In addition, by late 2015, it was recommended that I attend counselling. Crying about your complete inability to handle your life in the GP’s office grants you that, and a week’s sick leave, apparently. Because no one tells you about foggy brain and why you can’t remember what you did yesterday, or where you put your car keys – only to find them, after you’ve spent an hour scouring the field you’ve just walked your dog on, dangling from the ignition the whole time, – or why you can’t hold a conversation with someone because you haven’t got the mental capacity, and you just think you’re going mad. The big ‘E’ doesn’t just affect your ovaries, your bladder, your fallopian tubes, your recto-vaginal septum (oh, yah) or even bowels, it affects your entire being.

I’d also started Teacher Training in September 2016, and no one prepares you for that conversation in the interview when you have to explain that you have a majorly inconvenient, hugely debilitating, medical condition, for which you will no doubt need time off because of ‘cramps’. Again, I was one of the lucky ones. My new boss and Headteacher were understanding. Knew someone who knew someone who had it.

Fast forward and it’s 2017. Now the pain was in right side. Shocker. The side they’d left well alone. The GP mentioned the coil could be a viable solution, among others, especially the least-favourable solution I’m sure we’ve all heard; ‘get pregnant’. I can almost feel the anger radiating from you. I agreed to the Mirena coil. I wasn’t great at taking the pill the right way, and this was something I didn’t need to think about for 5 years. At this point I was ready for a full hysterectomy – which apparently at 26 is not to be considered under any circumstances, no matter how many times you cry in frustration at a Dr who cannot fathom why you don’t want to procreate – of your own choice.

2017’s laparoscopy was miserable. Utterly miserable. I woke up from the anaesthetic sobbing as if my body knew the results before I did. When I’d finally come around enough to comprehend what I was being told, I just remember sobbing some more. They’d found more lesions, cells, whatever you want to call the little black spot bastards they show you on those x-ray sheets that hide in your ever-growing medical file. It was worse than they expected. They’d found it had pretty much smothered my right ovary and had a little jolly jaunt to my bladder. They’d not been able to do anything for Olga or Barry Bladder. Not a thing. Nada. Zilch. I was drained. Mentally, emotionally, physically drained. I was beside myself. I cried in the car on the way home. I cried when my mum put my 26-year-old beaten body to bed. I cried when I woke up at various intervals throughout the night when the shoulder pain made it too uncomfortable to sleep. I just couldn’t comprehend how they could have done nothing to remove it.
They were kind enough to insert the coil while I was under, so I have no idea how that’s going to go down when they have to pull it out and inevitably put in another with me fully awake. Future me’s problem I guess. I have another year and a half before the 5 year mark. What you’re not told, or at least what I had to find out for myself through forums, is that the effectiveness of the Mirena coil in subduing endometriosis related pain is good for the first 3 years and then depletes from there on. I hit the 3 year mark in March 2020, coinciding with the time I became fully aware that I’m experiencing symptoms again.

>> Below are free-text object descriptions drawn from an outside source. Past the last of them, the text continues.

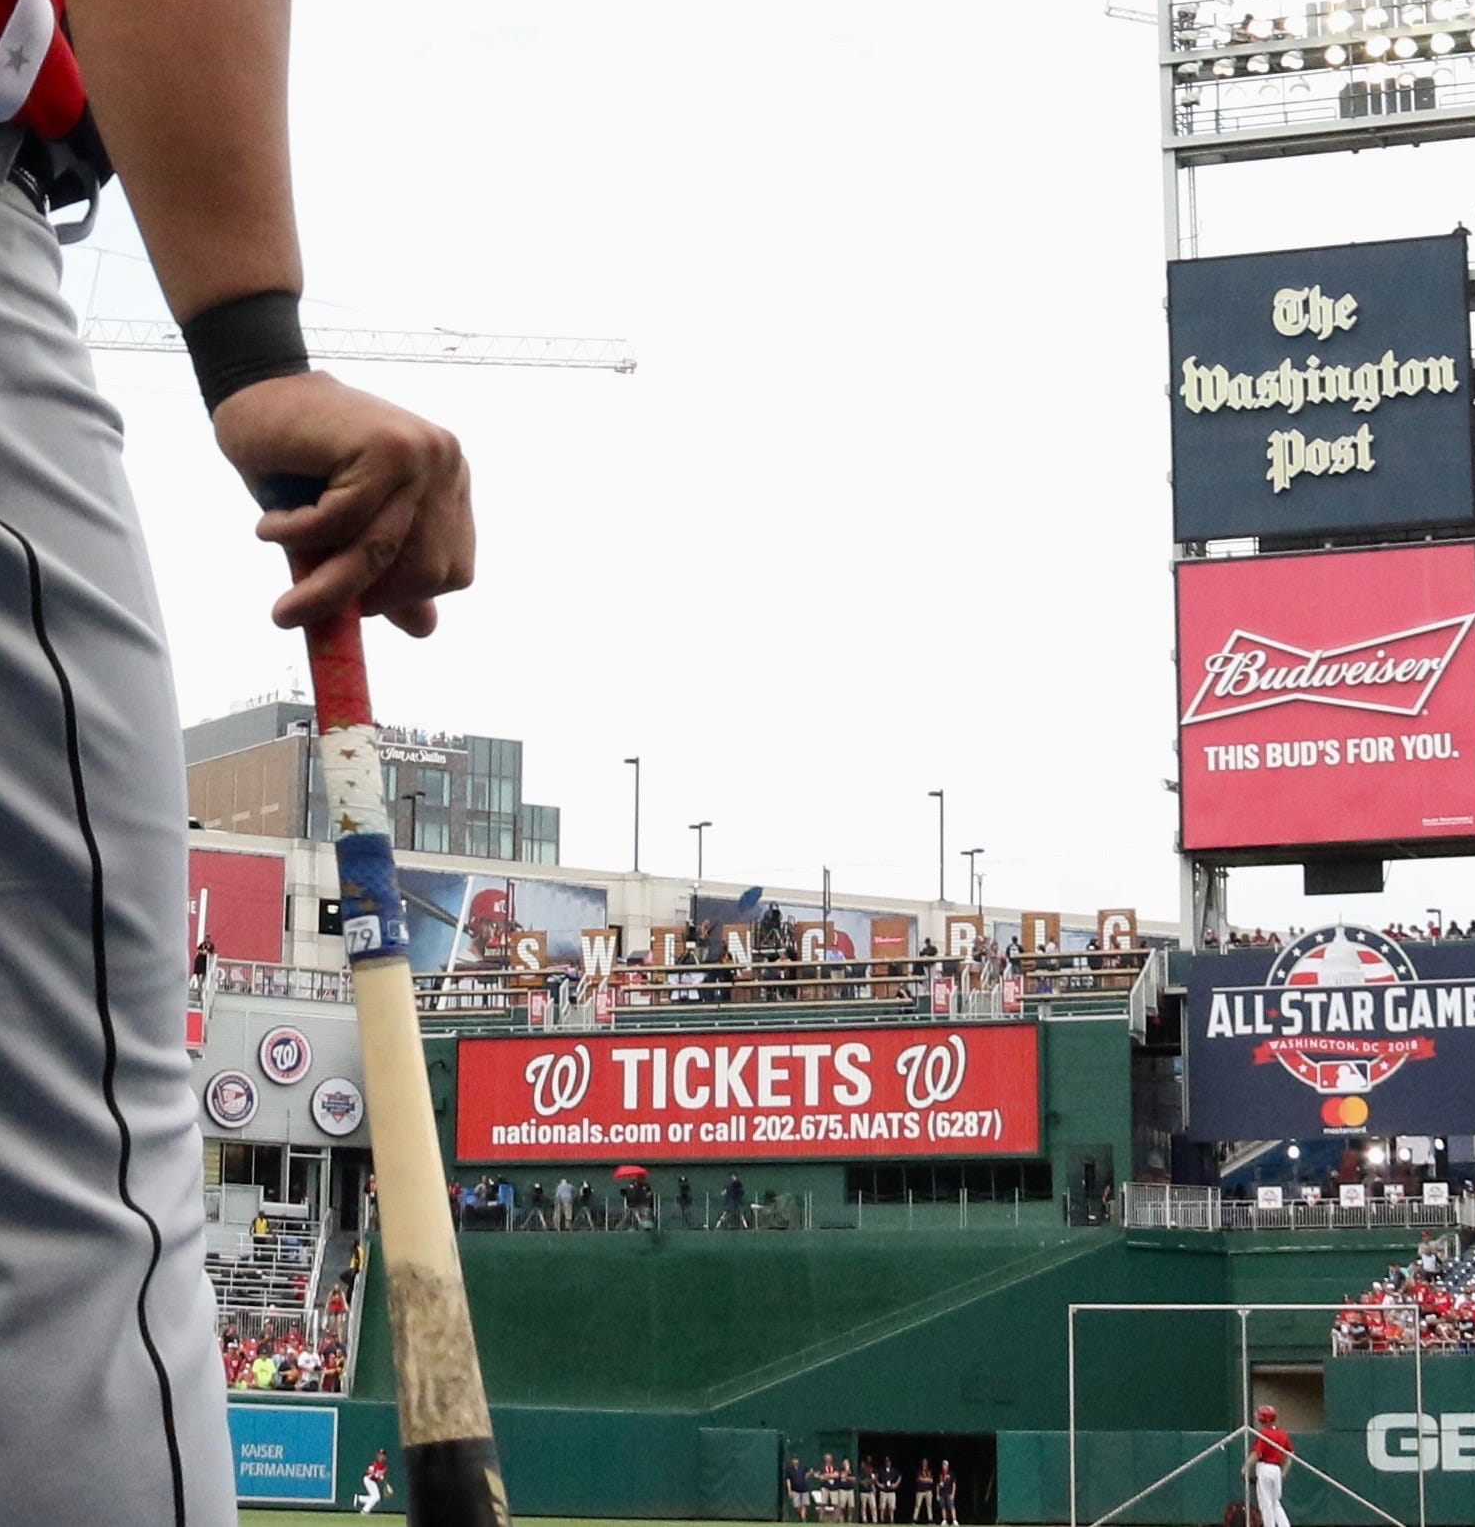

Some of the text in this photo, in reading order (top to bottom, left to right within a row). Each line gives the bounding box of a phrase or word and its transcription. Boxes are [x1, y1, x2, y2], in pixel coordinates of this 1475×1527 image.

[1272, 285, 1358, 341] The
[1180, 349, 1460, 414] Washington
[1266, 422, 1377, 494] Post
[1202, 644, 1447, 701] Budweiser
[1205, 731, 1460, 773] THIS BUD'S FOR YOU.
[348, 929, 373, 955] 79
[1206, 992, 1274, 1039] ALL
[1280, 989, 1375, 1036] STAR
[1268, 1038, 1419, 1053] WASHINGTON, DC 2018
[611, 1041, 873, 1111] TICKETS
[492, 1108, 1004, 1146] nationals.com or call 202.675.NATS (6287)
[1323, 1125, 1368, 1135] mastercard
[240, 1461, 327, 1479] PERMANENTE
[241, 1443, 284, 1459] KAISER

‘We’ll get you on the list to get you back in for another surgery as soon as we can.’ Apparently that’s NHS speak for ‘when you call us to remind us and we get a cancellation, you can drop everything to come in.’ This happened a year later.

Technically 10 months. 10 months of juggling Teacher Training, with 10 months of stress which was no doubt attributing to my bouts of serious pain, with 10 months of a failing relationship with someone who declared at the early hours of the morning that they wanted children. I didn’t. I don’t., and 10 months of explaining, social excuses, brave faces for classes of 30 students, and trying my best.

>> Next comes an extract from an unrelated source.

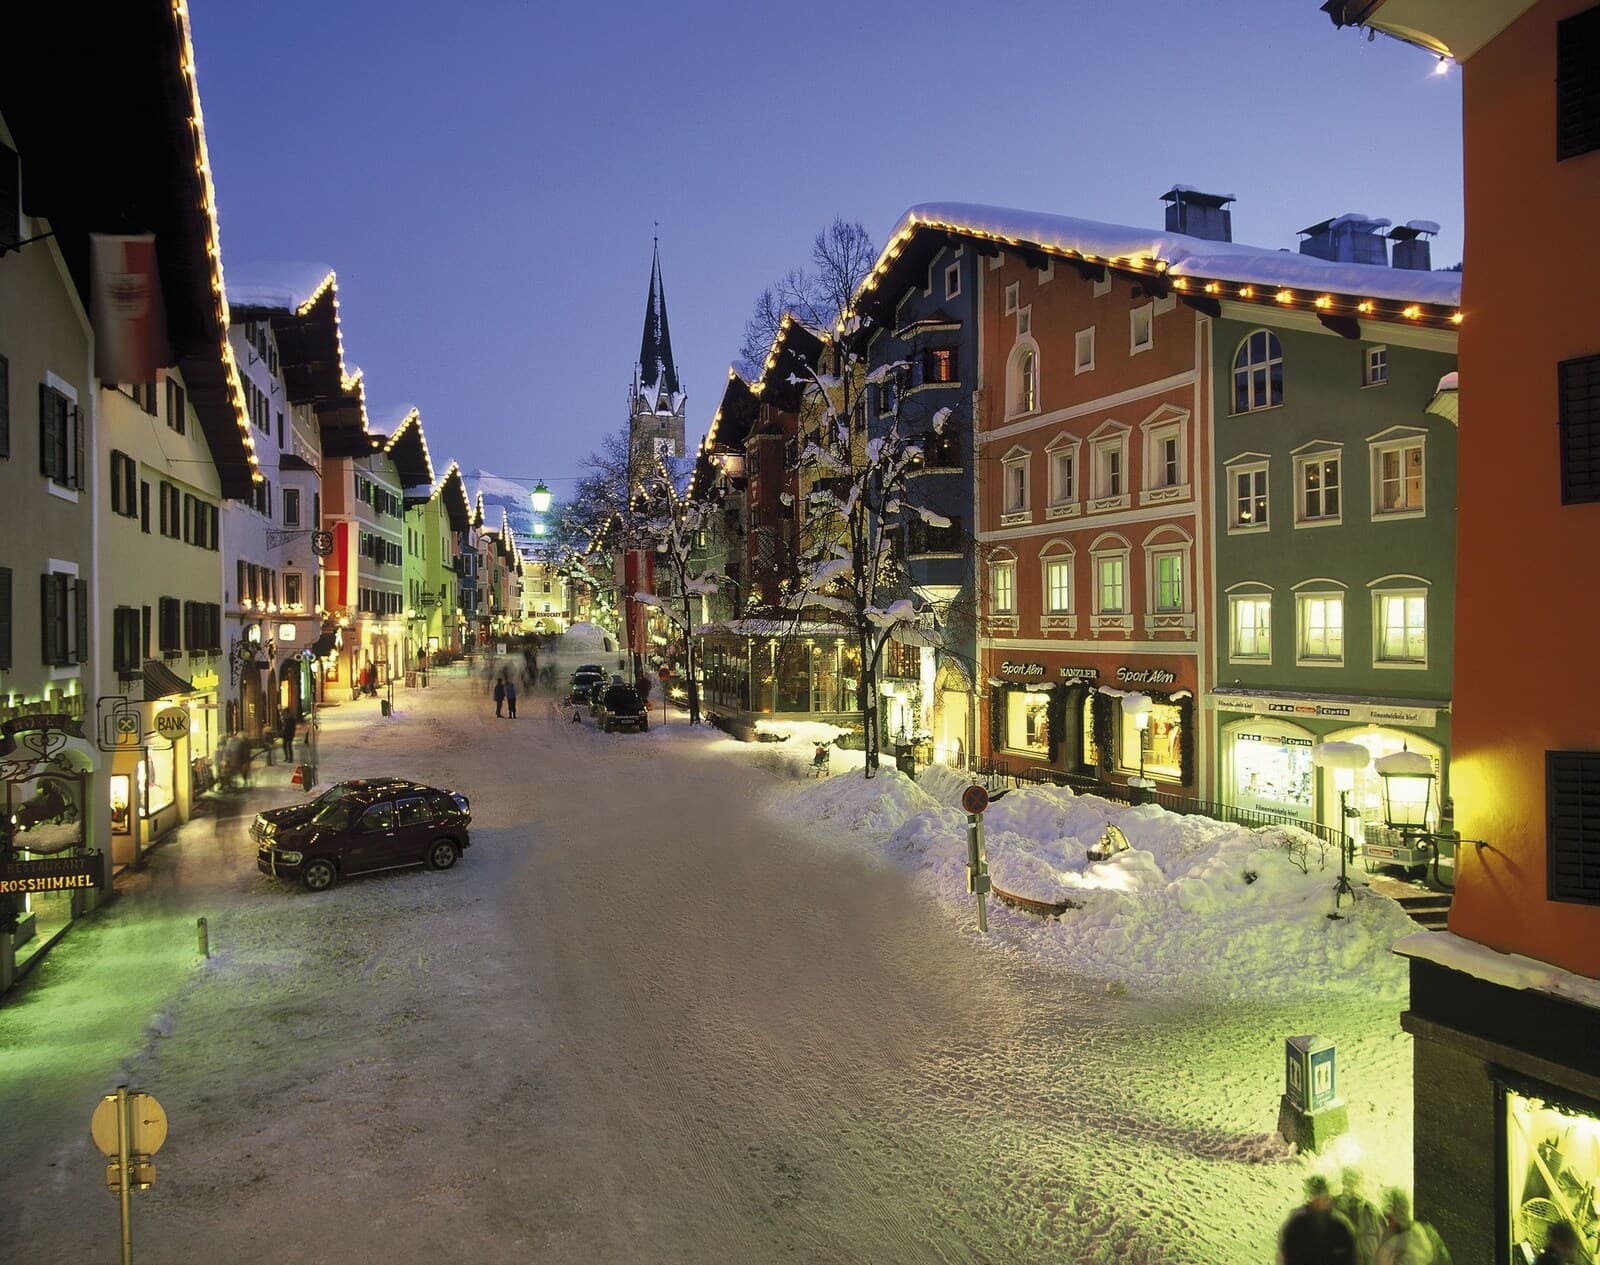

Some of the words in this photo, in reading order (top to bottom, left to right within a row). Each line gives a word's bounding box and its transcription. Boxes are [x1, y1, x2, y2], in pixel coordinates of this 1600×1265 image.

I remember when I got the call for my 3rd surgery in as many years. I’d made the initiation a few weeks before. Called the GP and went over the symptoms again. Driving home my phone rings; I see it’s the hospital. Obviously, driving safely, I pulled over and take it. ‘We’ve got a cancellation and can get you in, in X days.’ I booked it there and then and called my work. The stress at school was mounting; that week we had pre-GCSE Year 10 Parents’ Evening and I was asking to be excused. I should have breathed a sigh of relief to have such understanding higher-ups and colleagues, but I felt nothing but failure, anxiety and more stress. I spent the next few days making sure everything was covered for my absence and made 30 phone calls home. Some were sympathetic and understanding, some couldn’t believe I was taking time off to sort my cramps problem.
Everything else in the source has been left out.